● **Exercise instructions**: From the first line to the last, restate every record word for word, leaving out the pictures.

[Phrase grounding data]
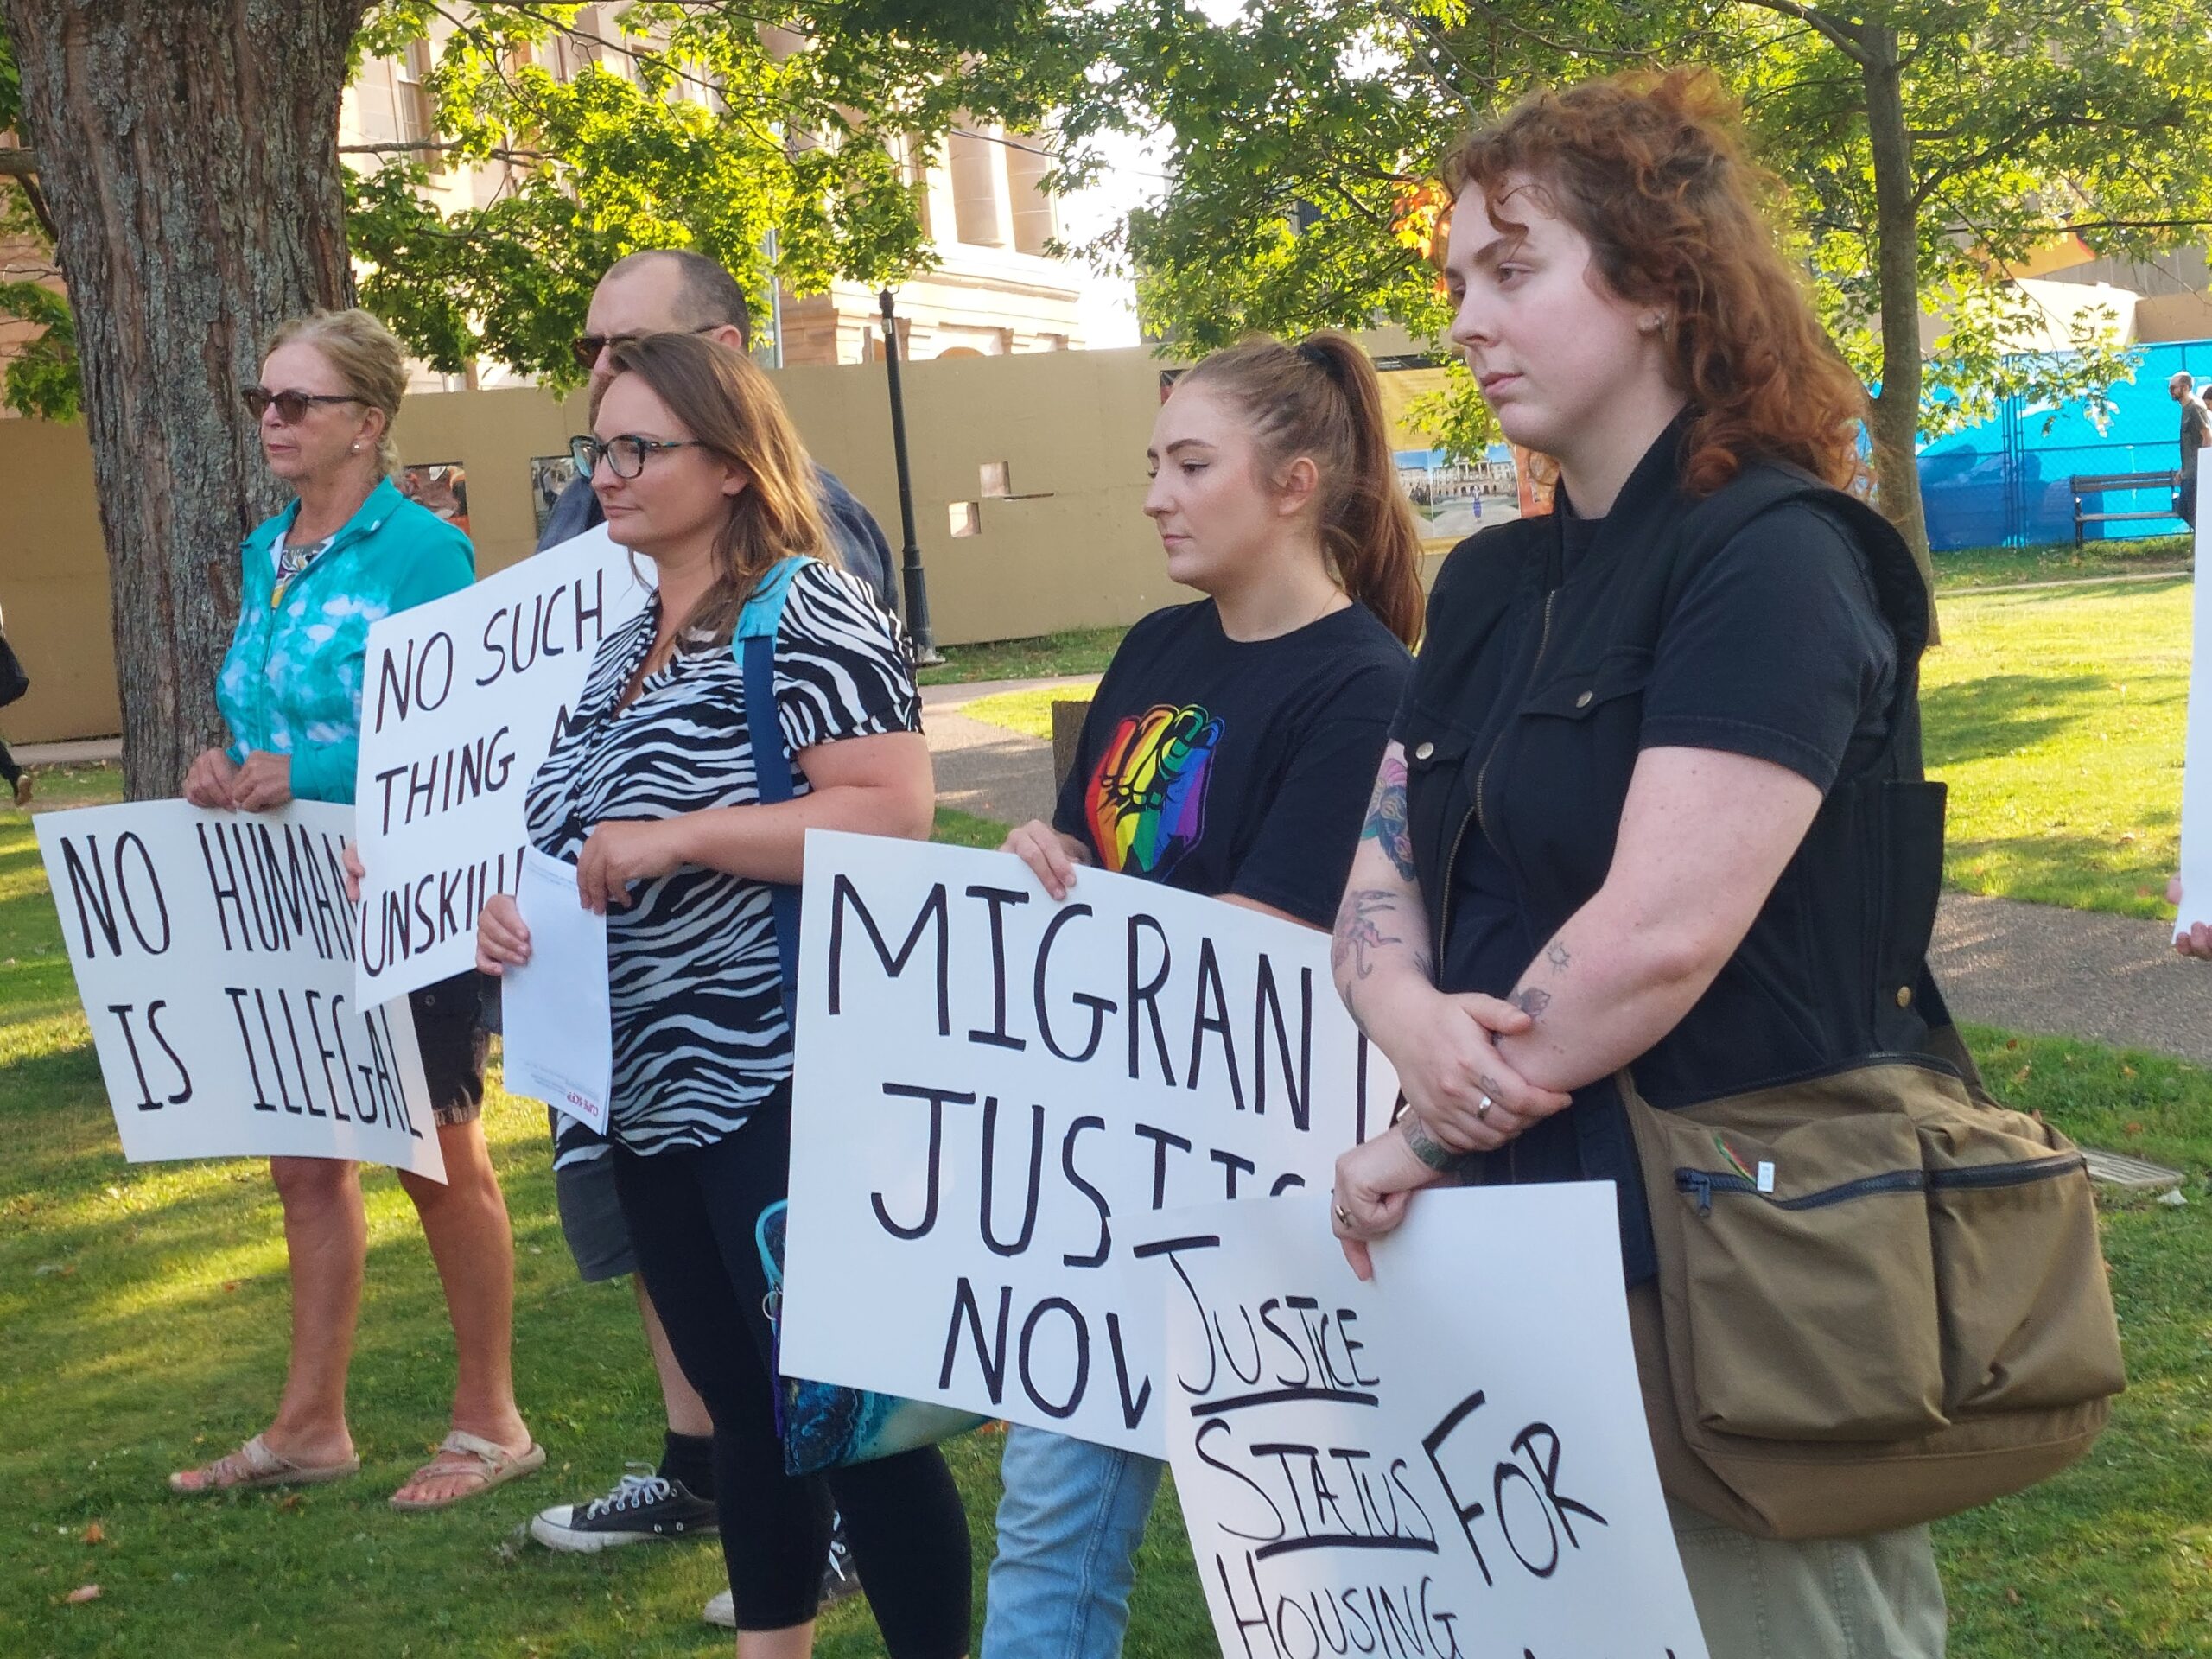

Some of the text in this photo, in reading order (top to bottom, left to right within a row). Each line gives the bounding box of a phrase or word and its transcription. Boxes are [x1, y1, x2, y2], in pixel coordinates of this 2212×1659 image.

[376, 567, 604, 734] NO SUCH
[375, 726, 516, 836] THING
[60, 831, 172, 959] NO
[108, 987, 424, 1139] IS ILLEGAL
[1133, 1235, 1380, 1394] JUSTICE
[1195, 1389, 1609, 1586] STATUS FOR
[1217, 1550, 1465, 1659] HOUSING

● **Answer for the task**:
Some of the text in this photo, in reading order (top to bottom, left to right within a row). Each line gives the bounding box of a phrase or word and its transcription. Boxes are [x1, y1, x2, y2], in pixel coordinates of this 2212×1659 image.

[376, 567, 604, 734] NO SUCH
[375, 726, 516, 836] THING
[60, 831, 172, 959] NO
[108, 987, 424, 1139] IS ILLEGAL
[1133, 1235, 1380, 1394] JUSTICE
[1195, 1389, 1609, 1586] STATUS FOR
[1217, 1550, 1465, 1659] HOUSING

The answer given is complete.